__TASK__. Go over the data and copy out each line with "words" in it.

__GIVEN DATA__.
■ ■ ■
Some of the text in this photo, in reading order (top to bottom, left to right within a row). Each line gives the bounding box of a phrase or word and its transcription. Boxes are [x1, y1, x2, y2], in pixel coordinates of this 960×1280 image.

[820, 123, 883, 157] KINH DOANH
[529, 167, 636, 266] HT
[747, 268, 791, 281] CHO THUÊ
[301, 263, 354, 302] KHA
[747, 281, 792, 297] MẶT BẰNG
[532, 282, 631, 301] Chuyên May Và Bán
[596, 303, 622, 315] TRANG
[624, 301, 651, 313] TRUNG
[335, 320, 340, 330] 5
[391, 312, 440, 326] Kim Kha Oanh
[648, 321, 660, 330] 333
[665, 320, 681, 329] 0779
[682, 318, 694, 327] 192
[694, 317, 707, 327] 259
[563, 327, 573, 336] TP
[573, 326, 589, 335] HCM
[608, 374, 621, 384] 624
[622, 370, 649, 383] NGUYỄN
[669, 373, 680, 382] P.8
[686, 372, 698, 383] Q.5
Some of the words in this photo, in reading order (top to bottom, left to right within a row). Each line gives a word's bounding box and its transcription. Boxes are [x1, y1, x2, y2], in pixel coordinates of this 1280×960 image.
■ ■ ■
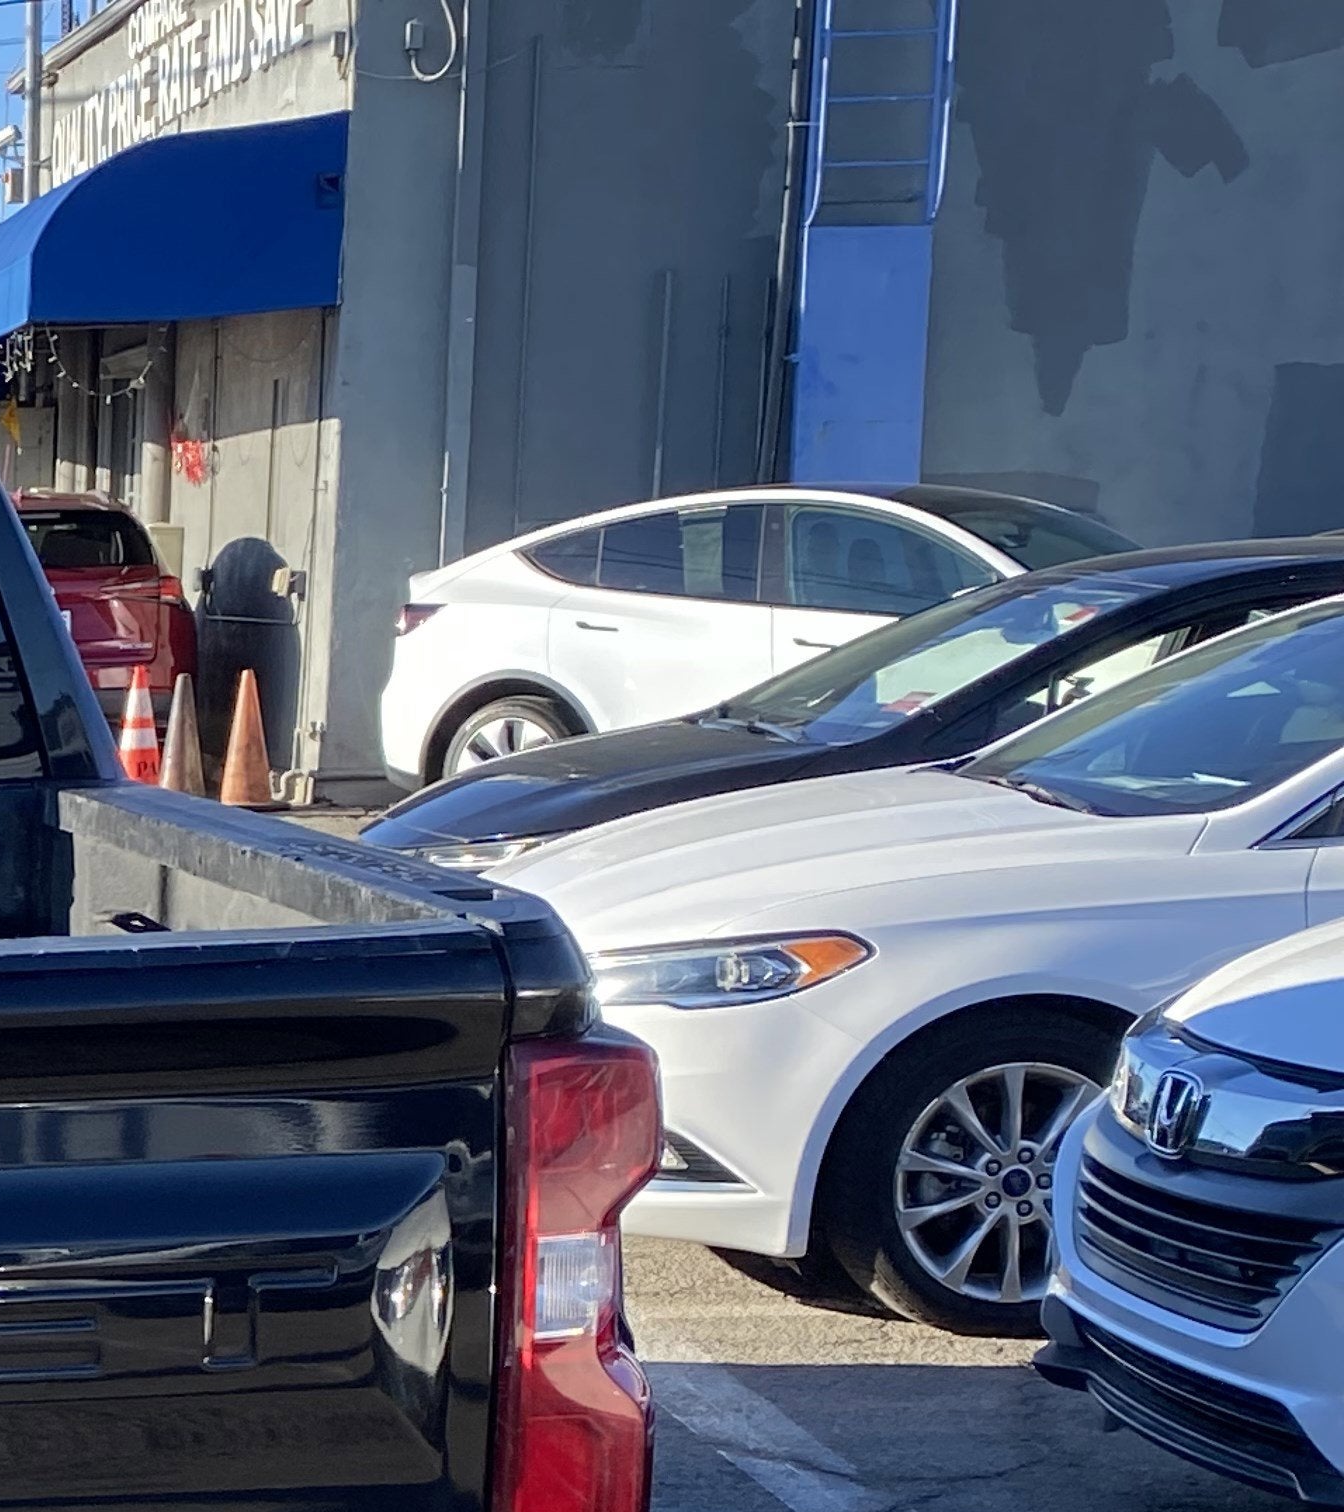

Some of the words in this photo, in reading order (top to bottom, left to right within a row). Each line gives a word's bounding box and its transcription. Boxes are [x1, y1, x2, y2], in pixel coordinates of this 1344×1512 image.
■ ■ ■
__EXERCISE OUTPUT__.
Some of the words in this photo, in reading order (top to bottom, left to right within a row). Each line gives a word's bounding box and its transcription. Boxes are [x1, y1, x2, y2], in pixel coordinates of this 1280×960 image.
Some of the words in this photo, in reading order (top to bottom, left to right within a row). Each line gives a word's bounding box and its transcription. Boxes are [x1, y1, x2, y2], in pixel coordinates of this 1344×1512 image.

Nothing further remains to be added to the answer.